PROMPT. Take every record and write it out again exactly, with no images included.

DATA PROVIDED.
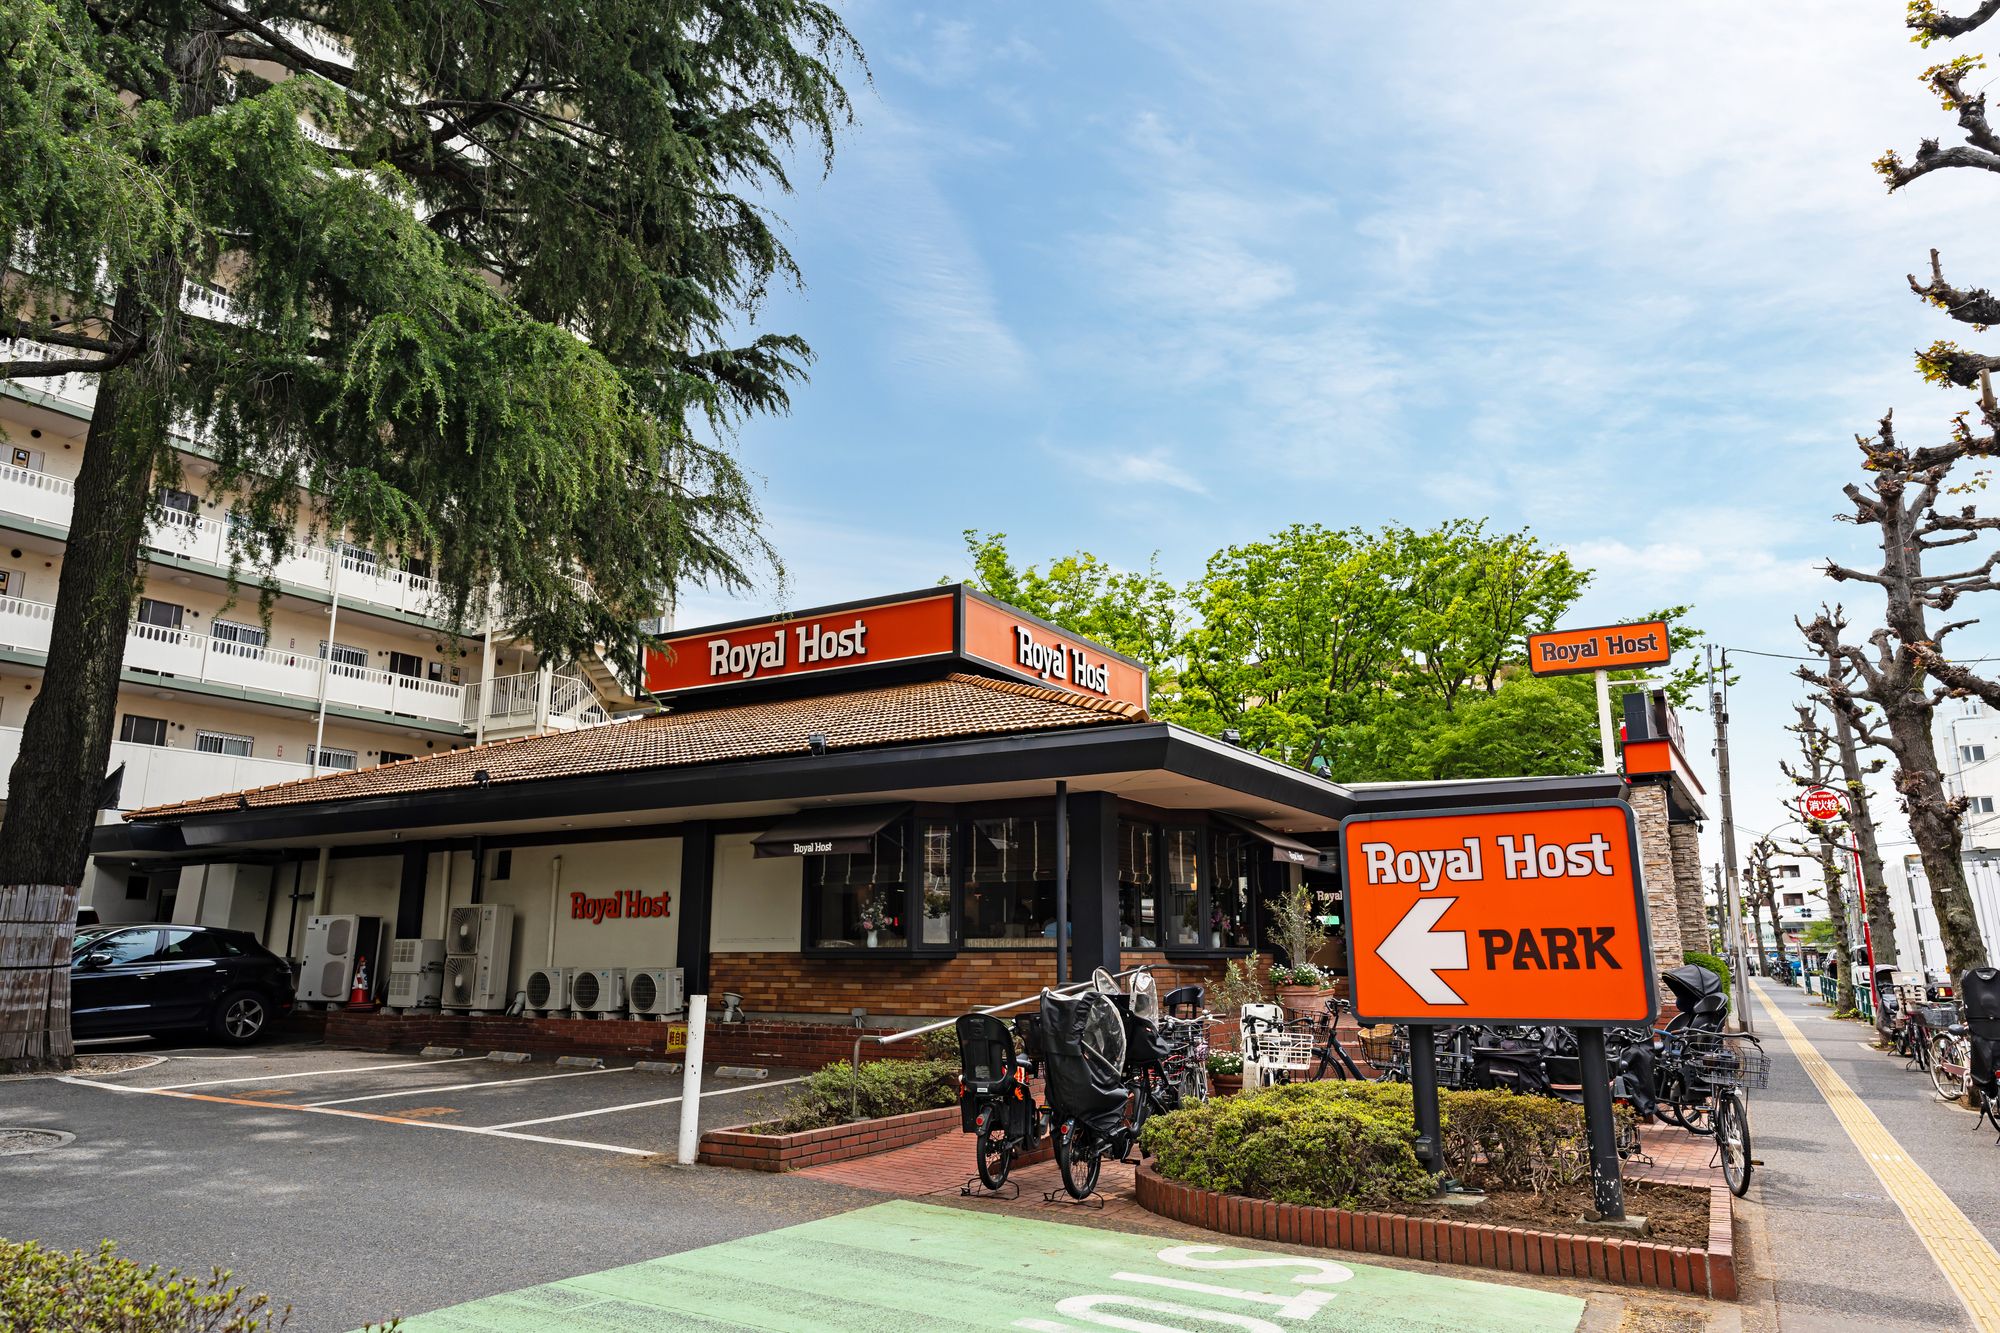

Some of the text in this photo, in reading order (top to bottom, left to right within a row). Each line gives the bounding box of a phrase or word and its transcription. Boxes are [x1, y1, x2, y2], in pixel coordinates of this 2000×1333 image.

[708, 619, 867, 679] Royal Host
[1015, 625, 1110, 696] Royal Host
[1539, 632, 1659, 663] Royal Host
[1808, 799, 1837, 812] 消火栓
[793, 841, 833, 854] Royal Host
[1361, 833, 1615, 892] Royal Host
[570, 889, 671, 925] Royal Host
[1316, 890, 1343, 903] Royal
[1478, 926, 1623, 971] PARK
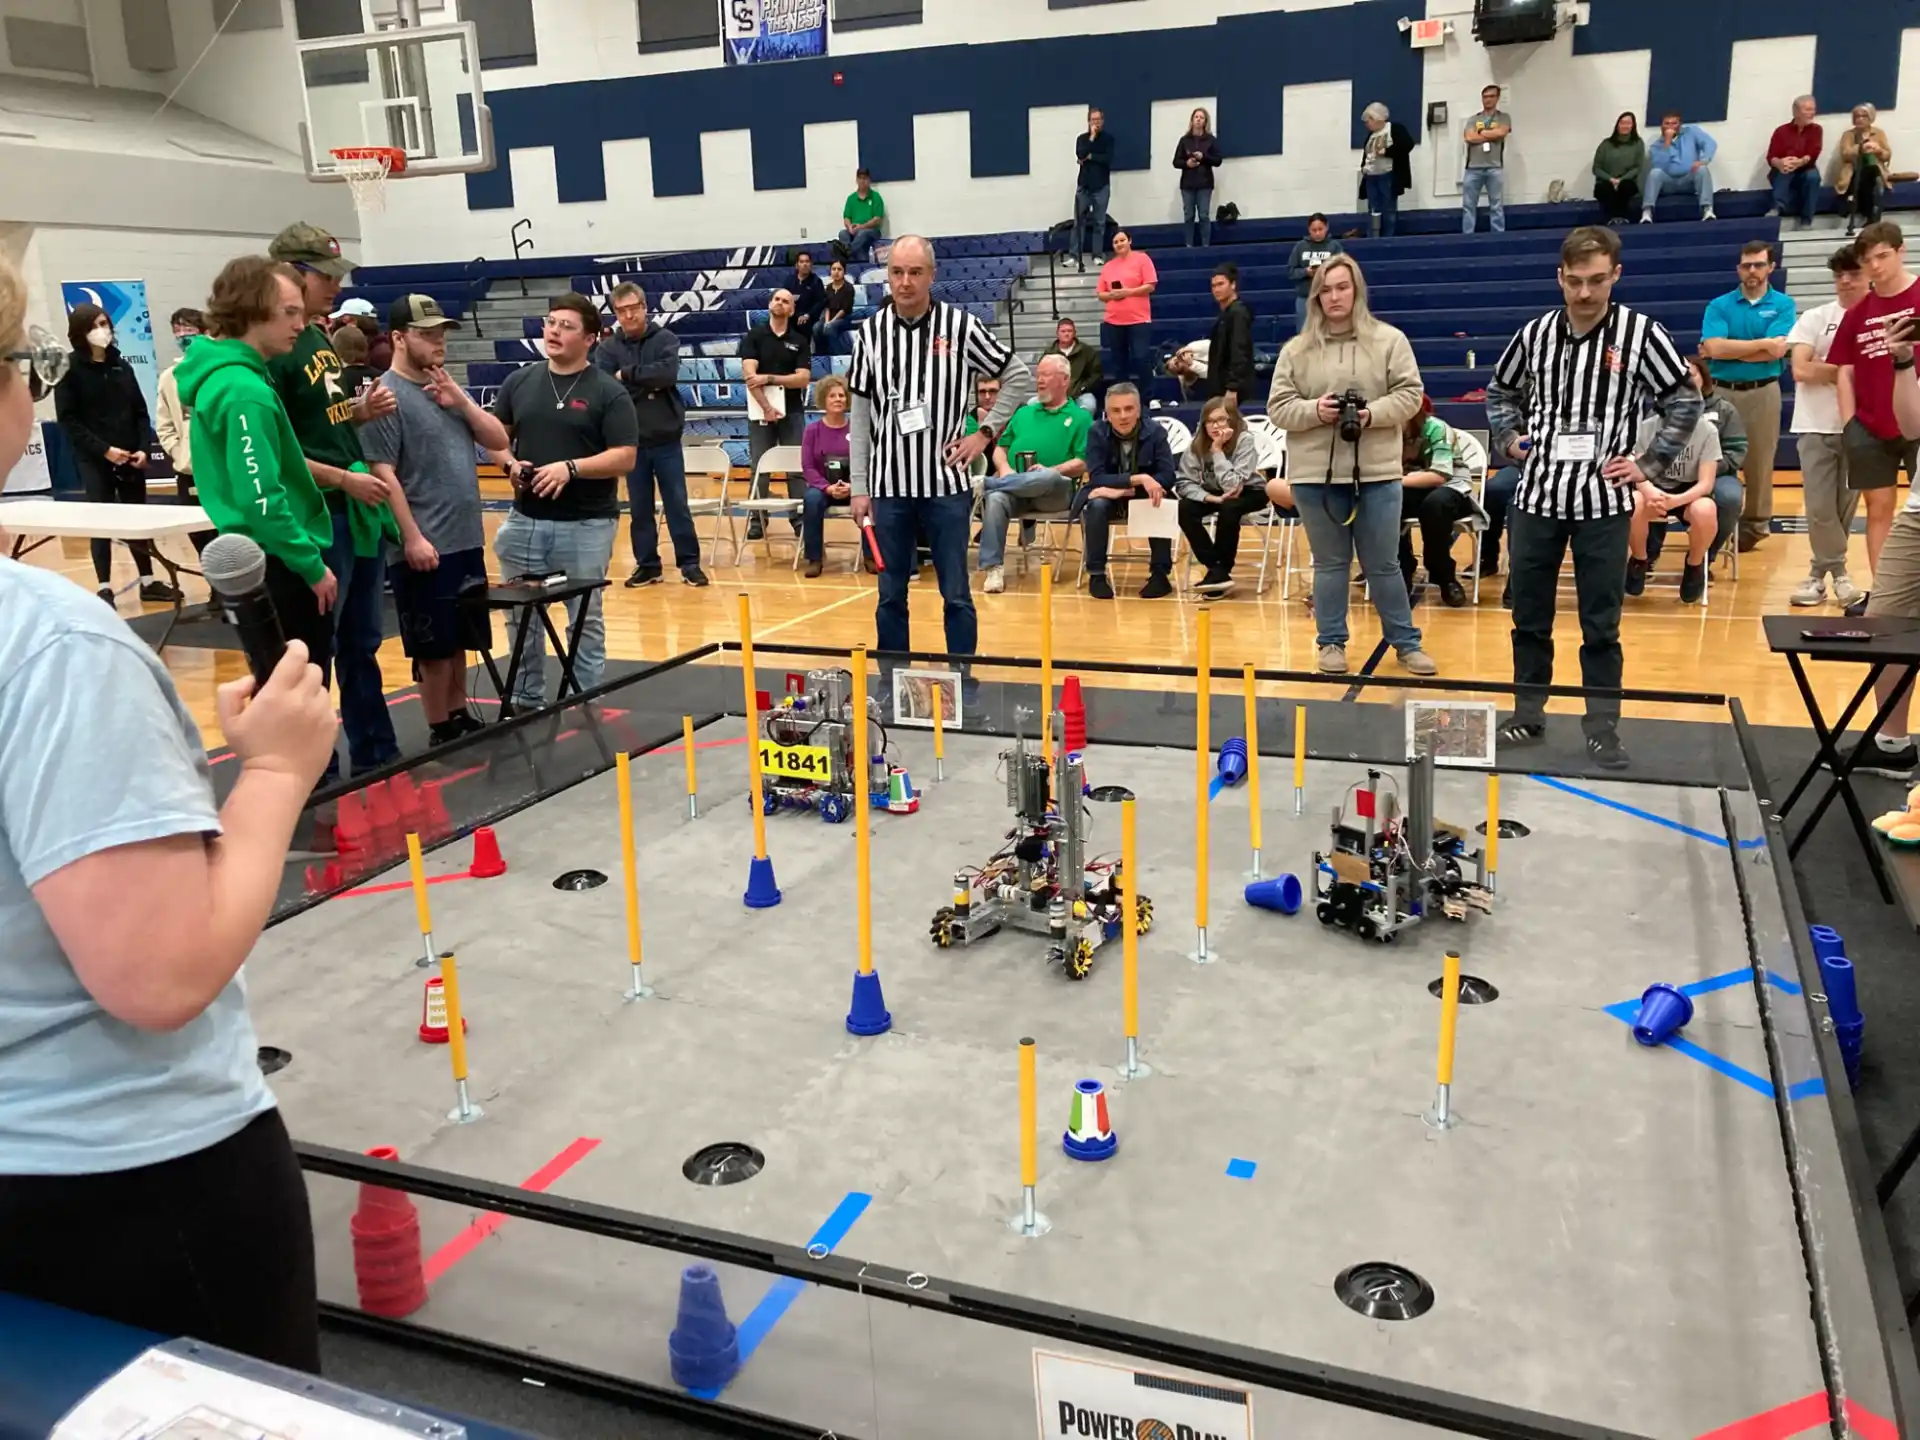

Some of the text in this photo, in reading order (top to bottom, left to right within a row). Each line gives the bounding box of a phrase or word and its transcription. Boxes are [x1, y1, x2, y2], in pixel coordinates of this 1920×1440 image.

[768, 4, 825, 34] THE NEST
[239, 414, 268, 516] 12517
[759, 749, 828, 774] 11841
[1058, 1400, 1134, 1440] POWER
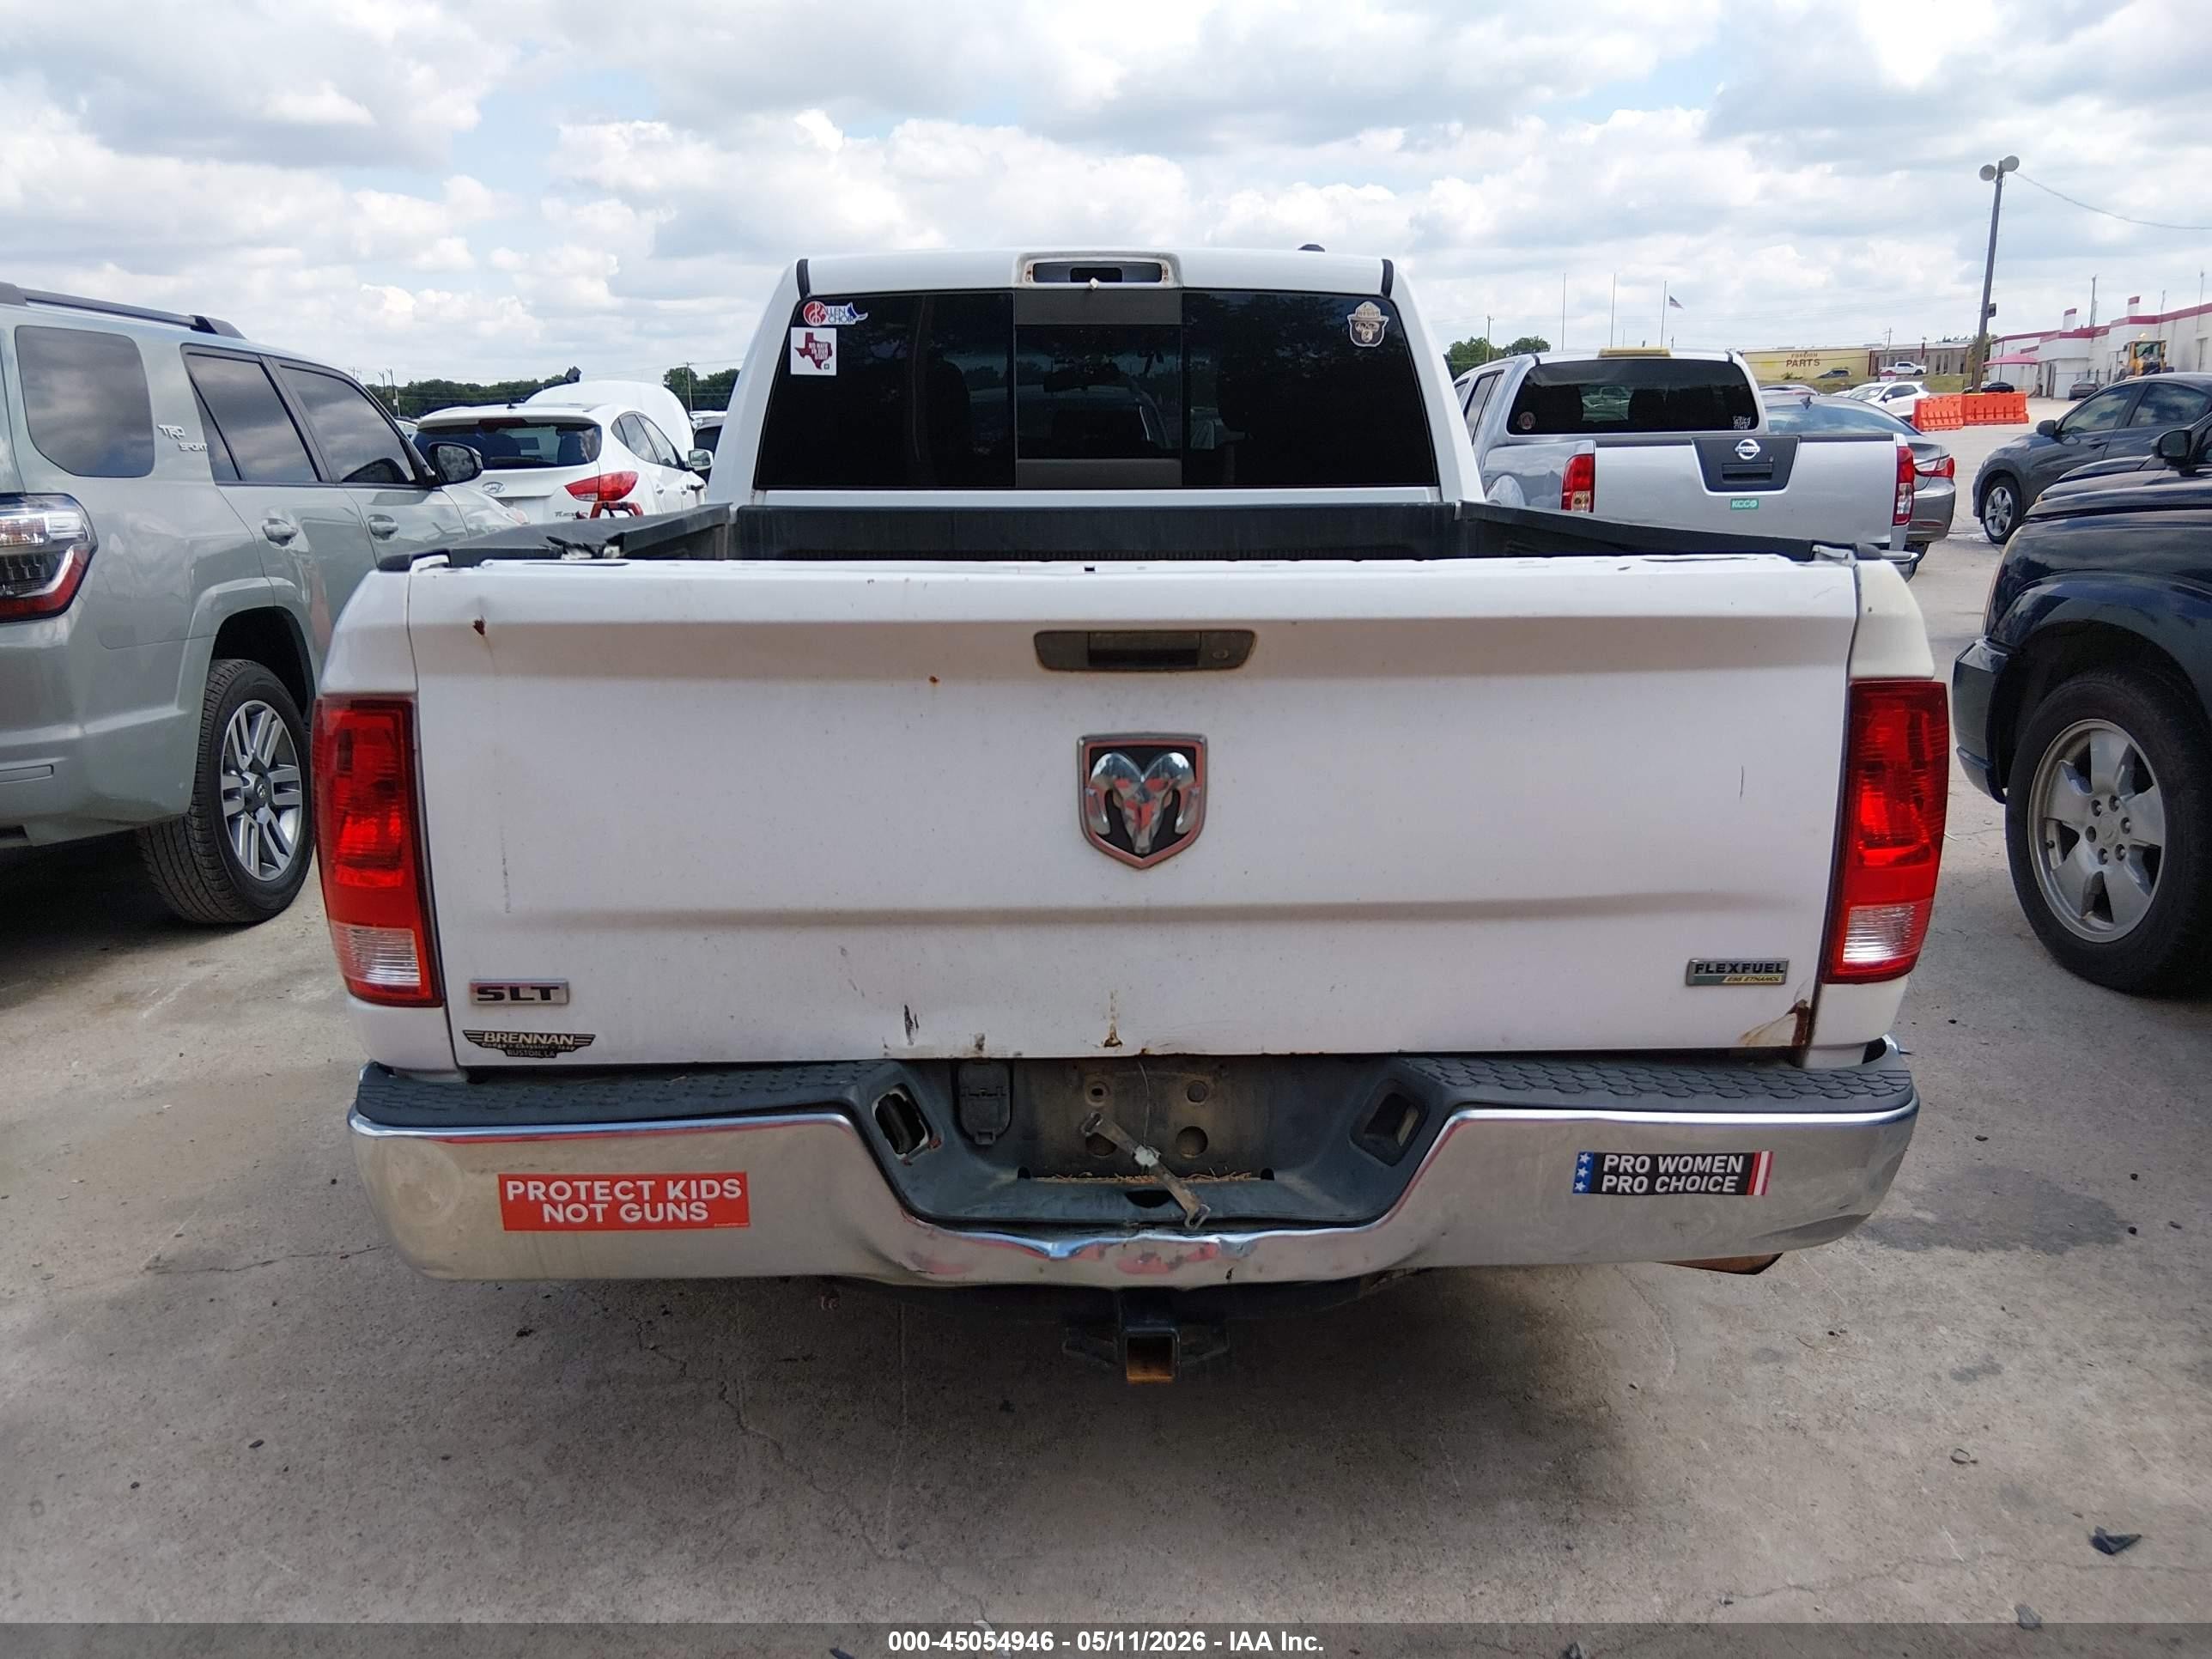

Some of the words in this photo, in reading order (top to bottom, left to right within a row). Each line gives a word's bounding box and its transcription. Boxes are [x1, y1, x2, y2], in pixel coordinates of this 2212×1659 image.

ANSWER AREA.
Some of the text in this photo, in reading order (top to bottom, left to right within a row). Each line gives the bounding box of a phrase or word and its transcription. Boxes are [x1, y1, x2, y2], in pixel coordinates of this 2000×1333 image.

[708, 619, 867, 679] Royal Host
[1015, 625, 1110, 696] Royal Host
[1539, 632, 1659, 663] Royal Host
[1808, 799, 1837, 812] 消火栓
[793, 841, 833, 854] Royal Host
[1361, 833, 1615, 892] Royal Host
[570, 889, 671, 925] Royal Host
[1316, 890, 1343, 903] Royal
[1478, 926, 1623, 971] PARK

Some of the text in this photo, in reading order (top to bottom, left to right within a row). Each line gives the bounding box of a phrase or word and its transcription. Boxes are [x1, y1, x2, y2], in pixel coordinates of this 1920×1440 image.

[768, 4, 825, 34] THE NEST
[239, 414, 268, 516] 12517
[759, 749, 828, 774] 11841
[1058, 1400, 1134, 1440] POWER

Some of the words in this photo, in reading order (top to bottom, left to right within a row). Each line gives a word's bounding box and its transcription. Boxes are [x1, y1, x2, y2], in pixel coordinates of this 2212×1659 image.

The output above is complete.